*ASSIGNED TASK*
Could you print each of the records below exactly?

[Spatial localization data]
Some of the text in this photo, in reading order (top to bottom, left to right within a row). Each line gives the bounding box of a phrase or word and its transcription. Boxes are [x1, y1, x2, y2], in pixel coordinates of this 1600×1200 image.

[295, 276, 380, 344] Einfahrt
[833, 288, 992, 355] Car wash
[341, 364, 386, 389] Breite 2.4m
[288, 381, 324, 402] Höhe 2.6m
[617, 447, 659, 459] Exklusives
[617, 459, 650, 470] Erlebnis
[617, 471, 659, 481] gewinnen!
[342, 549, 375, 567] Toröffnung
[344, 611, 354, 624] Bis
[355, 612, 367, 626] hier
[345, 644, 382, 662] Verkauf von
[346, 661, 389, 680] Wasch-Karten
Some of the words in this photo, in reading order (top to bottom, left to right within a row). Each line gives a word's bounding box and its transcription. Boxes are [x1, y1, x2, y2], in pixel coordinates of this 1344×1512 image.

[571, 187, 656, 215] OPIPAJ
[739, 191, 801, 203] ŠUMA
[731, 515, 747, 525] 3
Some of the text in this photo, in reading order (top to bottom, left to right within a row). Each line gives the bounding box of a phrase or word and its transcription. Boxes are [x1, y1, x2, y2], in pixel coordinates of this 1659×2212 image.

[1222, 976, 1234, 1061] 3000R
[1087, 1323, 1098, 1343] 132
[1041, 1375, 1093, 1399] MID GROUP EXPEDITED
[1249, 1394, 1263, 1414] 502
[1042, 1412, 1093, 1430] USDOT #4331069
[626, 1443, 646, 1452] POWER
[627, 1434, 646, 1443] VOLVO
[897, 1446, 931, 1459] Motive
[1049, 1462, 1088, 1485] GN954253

*ANSWER SECTION*
Some of the text in this photo, in reading order (top to bottom, left to right within a row). Each line gives the bounding box of a phrase or word and its transcription. Boxes are [x1, y1, x2, y2], in pixel coordinates of this 1600×1200 image.

[295, 276, 380, 344] Einfahrt
[833, 288, 992, 355] Car wash
[341, 364, 386, 389] Breite 2.4m
[288, 381, 324, 402] Höhe 2.6m
[617, 447, 659, 459] Exklusives
[617, 459, 650, 470] Erlebnis
[617, 471, 659, 481] gewinnen!
[342, 549, 375, 567] Toröffnung
[344, 611, 354, 624] Bis
[355, 612, 367, 626] hier
[345, 644, 382, 662] Verkauf von
[346, 661, 389, 680] Wasch-Karten
Some of the words in this photo, in reading order (top to bottom, left to right within a row). Each line gives a word's bounding box and its transcription. Boxes are [x1, y1, x2, y2], in pixel coordinates of this 1344×1512 image.

[571, 187, 656, 215] OPIPAJ
[739, 191, 801, 203] ŠUMA
[731, 515, 747, 525] 3
Some of the text in this photo, in reading order (top to bottom, left to right within a row). Each line gives the bounding box of a phrase or word and its transcription. Boxes are [x1, y1, x2, y2], in pixel coordinates of this 1659×2212 image.

[1222, 976, 1234, 1061] 3000R
[1087, 1323, 1098, 1343] 132
[1041, 1375, 1093, 1399] MID GROUP EXPEDITED
[1249, 1394, 1263, 1414] 502
[1042, 1412, 1093, 1430] USDOT #4331069
[626, 1443, 646, 1452] POWER
[627, 1434, 646, 1443] VOLVO
[897, 1446, 931, 1459] Motive
[1049, 1462, 1088, 1485] GN954253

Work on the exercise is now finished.